Navigating the New Technology Buyer’s Journey

Cloud computing and “”everything as a service”” have turned the sales process into a buying journey with new milestones—and no ending point.

ONCE, NOT ALL THAT LONG AGO, buying technology was a fairly straightforward process. A business would identify a need, talk to some vendors about it, purchase something from one of them, and pay a reseller or solution provider to install and support it, at which point the vendor would often slip off to make the next sale.

In the age of cloud computing and subscription-based everything, however, in which deals must be won and continually re-won through seamless procurement experiences and stellar service, buying IT is no longer a process. It’s a journey, and you’ve not reached its conclusion when a contract gets signed.

“”You’re in the middle of it,”” observes Ryan Walsh, chief channel officer at cloud distributor Pax8.

Ryan Walsh

Indeed, when Walsh and other members of the Channel Advisory Board at industry association CompTIA set out to chart the new technology buyer’s journey last year, they wound up identifying 17 steps, seven of which happen after the sale. “”Whether you’re in the front of that buying journey, in the middle, or at the end of it, any one of these steps can knock a buyer out,”” Walsh says.

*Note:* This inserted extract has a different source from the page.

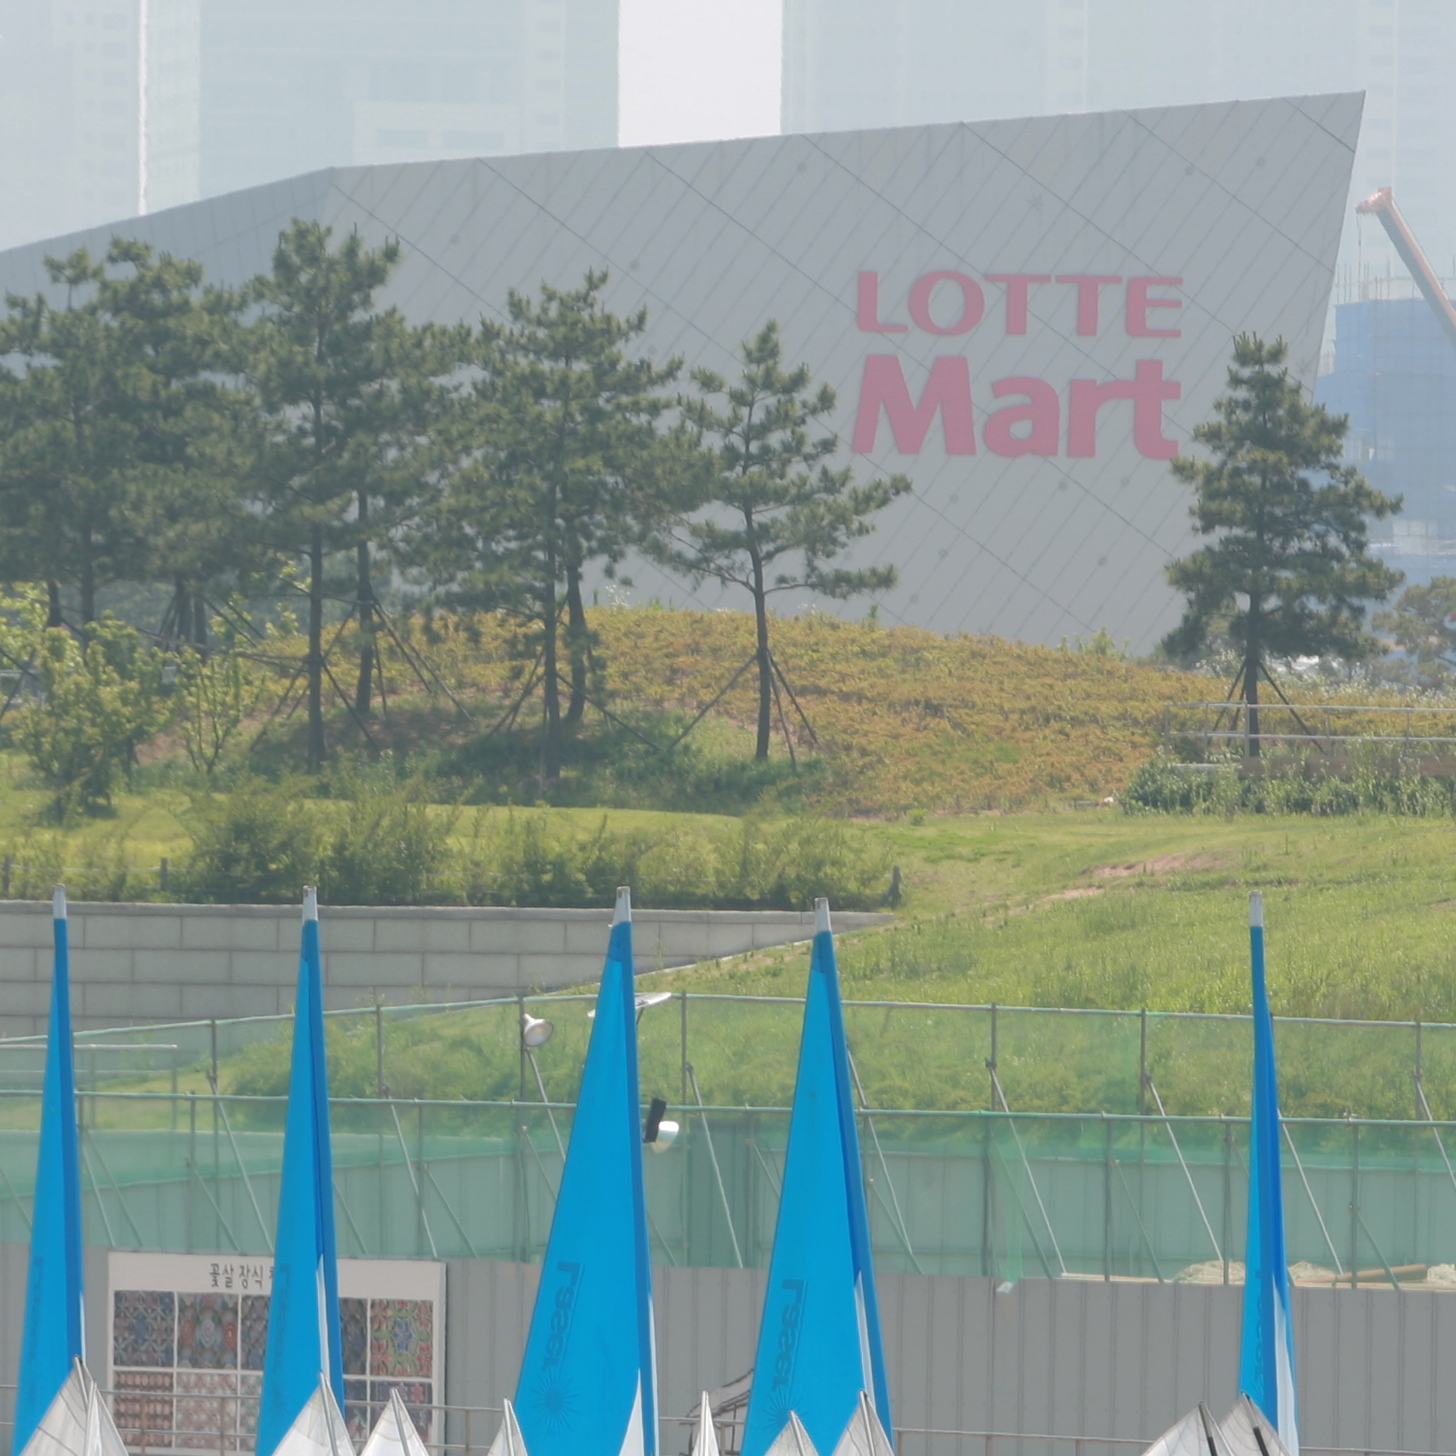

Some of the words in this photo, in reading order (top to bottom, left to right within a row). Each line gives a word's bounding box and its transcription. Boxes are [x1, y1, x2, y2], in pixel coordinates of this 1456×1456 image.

[856, 271, 1183, 338] LOTTE
[851, 354, 1181, 460] Mart
[239, 1264, 264, 1290] 장식

To prosper in a world remade by novel delivery and pricing models, in other words, vendors, distributors, and channel pros alike must understand not only how all those steps fit together, but how much they’ve changed in just a few years.

Dodging the Filters

The early steps in today’s buying journey center around marketing and are typically performed by customers online on a self-serve basis.

“”By the time they actually talk to [someone] about a particular product category or a specific vendor’s solution within that category, the customer has already educated themselves about that,”” Walsh notes.

Consequently, he and others say, tech companies must make themselves as visible as possible everywhere customers do research. That means investing in search engine optimization efforts aimed at sorting your company’s name near the top of results lists and building a state-of-the-art website that makes finding relevant information easy.

Furthermore, as commoditized cloud economics have made cost a less important consideration than reputation among potential clients, establishing yourself as a trustworthy authority on social media platforms like LinkedIn and Reddit is crucial too. “”It’s all about your following,”” says Juan Fernandez, vice president of managed IT services at ImageNet Consulting, a solution provider with offices in six states and headquarters in Oklahoma City.

Just make sure nothing you say, on social media or elsewhere, sounds like marketing. “”Customers have, over time, become a lot more tech savvy,”” says Jessica Mehring, CEO of Colorado Springs, Colo.-based marketing firm Horizon Peak Consulting. “”They’re much smarter about filtering out the noise, and from a practical standpoint literally filtering out ads, and emails, and things that don’t apply to them.””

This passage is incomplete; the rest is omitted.